▶ _DIRECTIONS FOR THIS TASK_
Write out all the entries word for word and omit any pictures.

Records from a data collection:
__________

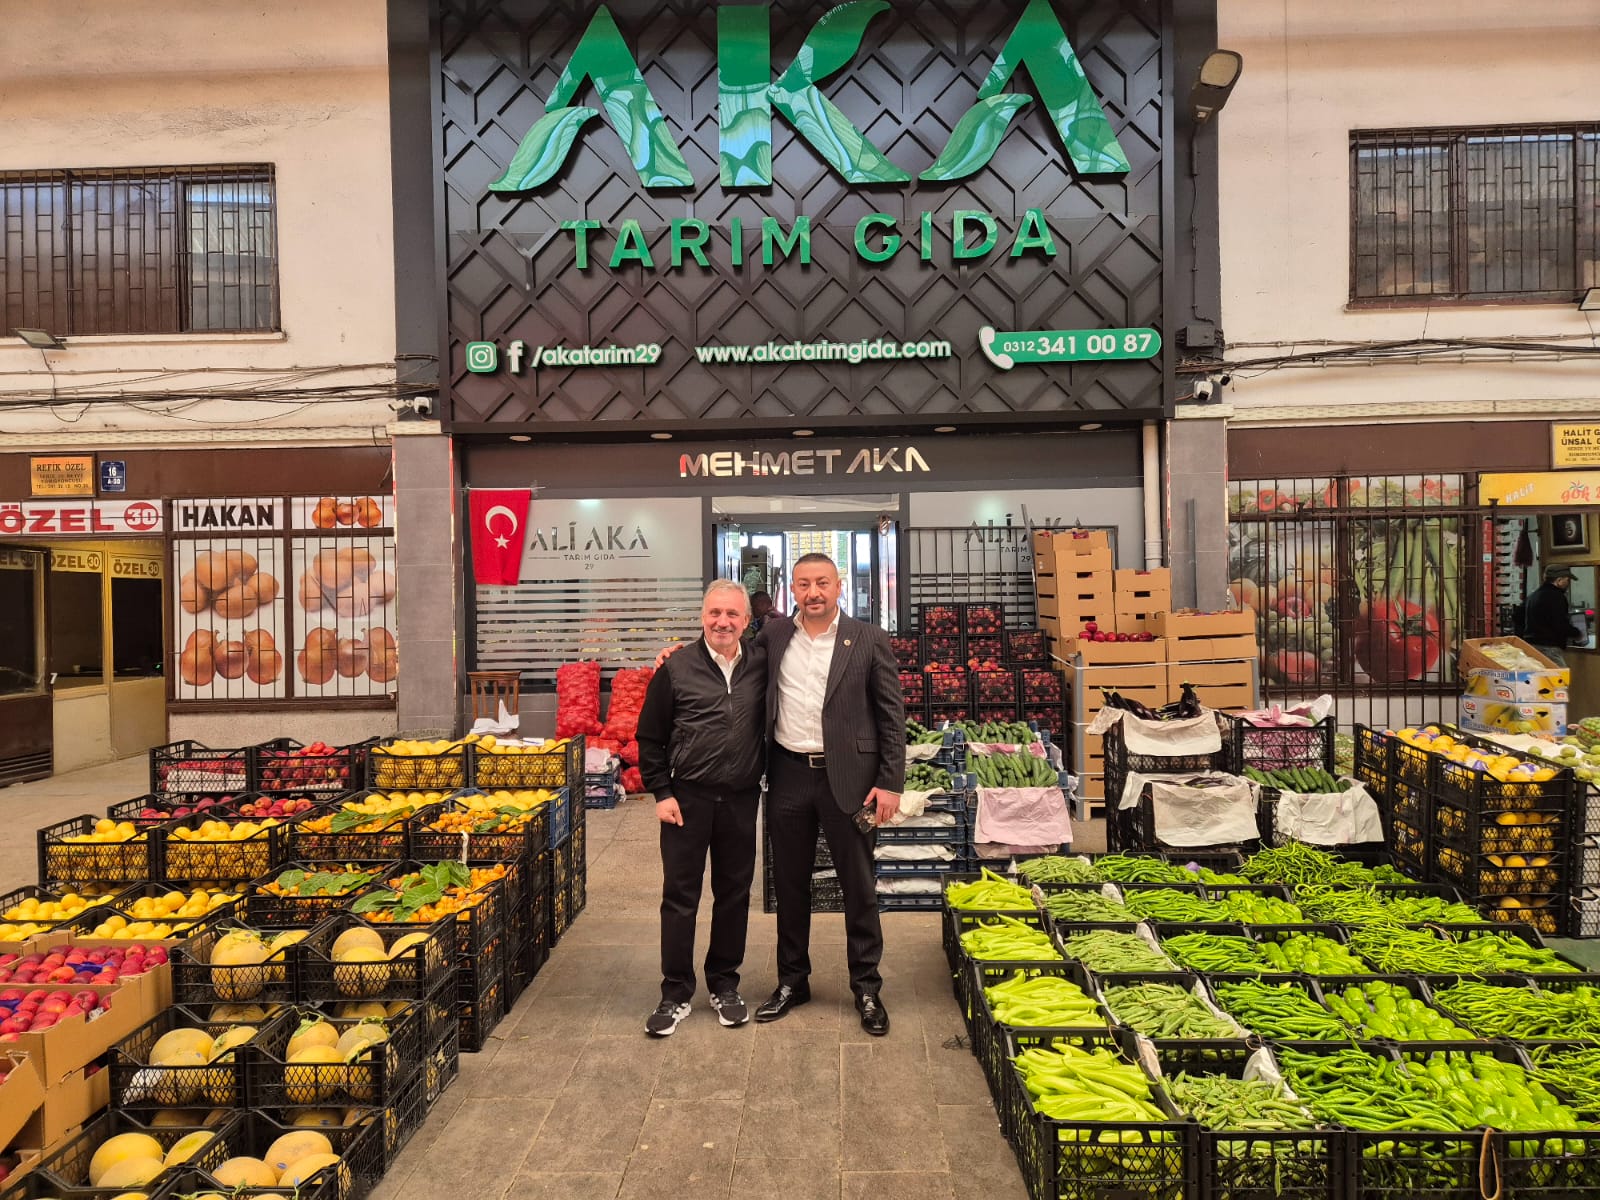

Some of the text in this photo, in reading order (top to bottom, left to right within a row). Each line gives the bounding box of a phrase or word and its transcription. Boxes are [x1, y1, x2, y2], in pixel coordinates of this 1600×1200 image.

[488, 0, 1131, 190] AKA
[560, 207, 1058, 268] TARIM GIDA
[531, 343, 662, 368] /akatarim29
[695, 339, 951, 364] www.akatarimgida.com
[1003, 333, 1153, 355] 0312 341 00 87
[65, 461, 86, 471] ÖZEL
[680, 446, 931, 478] MEHMET AKA
[0, 504, 157, 533] ÖZEL 30
[183, 504, 274, 528] HAKAN
[530, 521, 649, 551] ALİ AKA
[88, 555, 99, 568] 30
[113, 559, 159, 575] ÖZEL 30
[594, 553, 615, 561] GIDA
[1021, 555, 1031, 563] 29
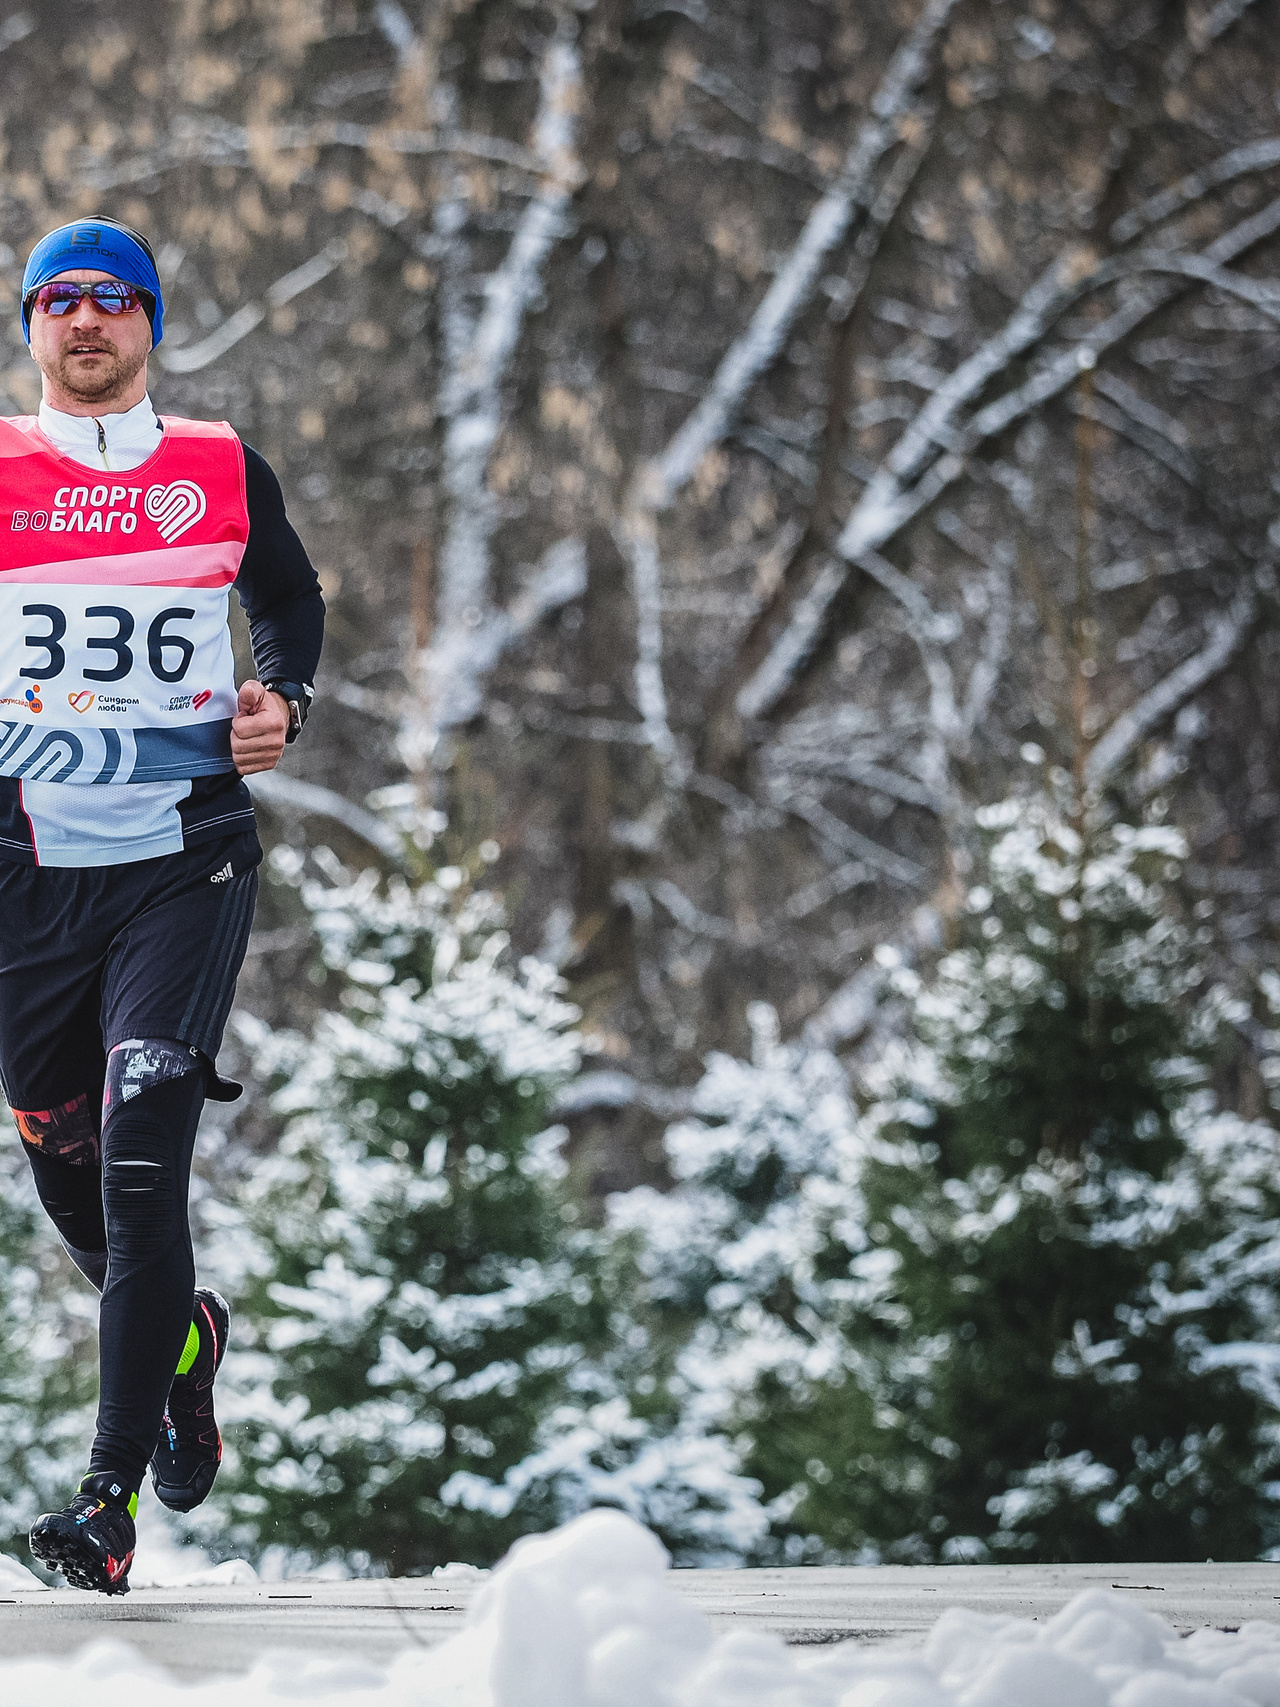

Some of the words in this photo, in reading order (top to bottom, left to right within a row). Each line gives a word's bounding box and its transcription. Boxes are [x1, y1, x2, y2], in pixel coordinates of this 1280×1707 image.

[53, 485, 143, 509] СПОРТ
[19, 603, 196, 683] 336
[98, 694, 140, 705] Синдром
[169, 694, 193, 704] СПОРТ
[97, 704, 127, 712] любви

__________

▶ _EXERCISE OUTPUT_
Some of the text in this photo, in reading order (top to bottom, left to right within a row). Each line gives the bounding box of a phrase or word and its transcription. Boxes are [x1, y1, x2, y2], in pixel coordinates of this 1600×1200 image.

[488, 0, 1131, 190] AKA
[560, 207, 1058, 268] TARIM GIDA
[531, 343, 662, 368] /akatarim29
[695, 339, 951, 364] www.akatarimgida.com
[1003, 333, 1153, 355] 0312 341 00 87
[65, 461, 86, 471] ÖZEL
[680, 446, 931, 478] MEHMET AKA
[0, 504, 157, 533] ÖZEL 30
[183, 504, 274, 528] HAKAN
[530, 521, 649, 551] ALİ AKA
[88, 555, 99, 568] 30
[113, 559, 159, 575] ÖZEL 30
[594, 553, 615, 561] GIDA
[1021, 555, 1031, 563] 29

Some of the words in this photo, in reading order (top to bottom, left to right within a row). Each line gives a word's bounding box and its transcription. Boxes are [x1, y1, x2, y2], in pixel coordinates of this 1280×1707 image.

[53, 485, 143, 509] СПОРТ
[19, 603, 196, 683] 336
[98, 694, 140, 705] Синдром
[169, 694, 193, 704] СПОРТ
[97, 704, 127, 712] любви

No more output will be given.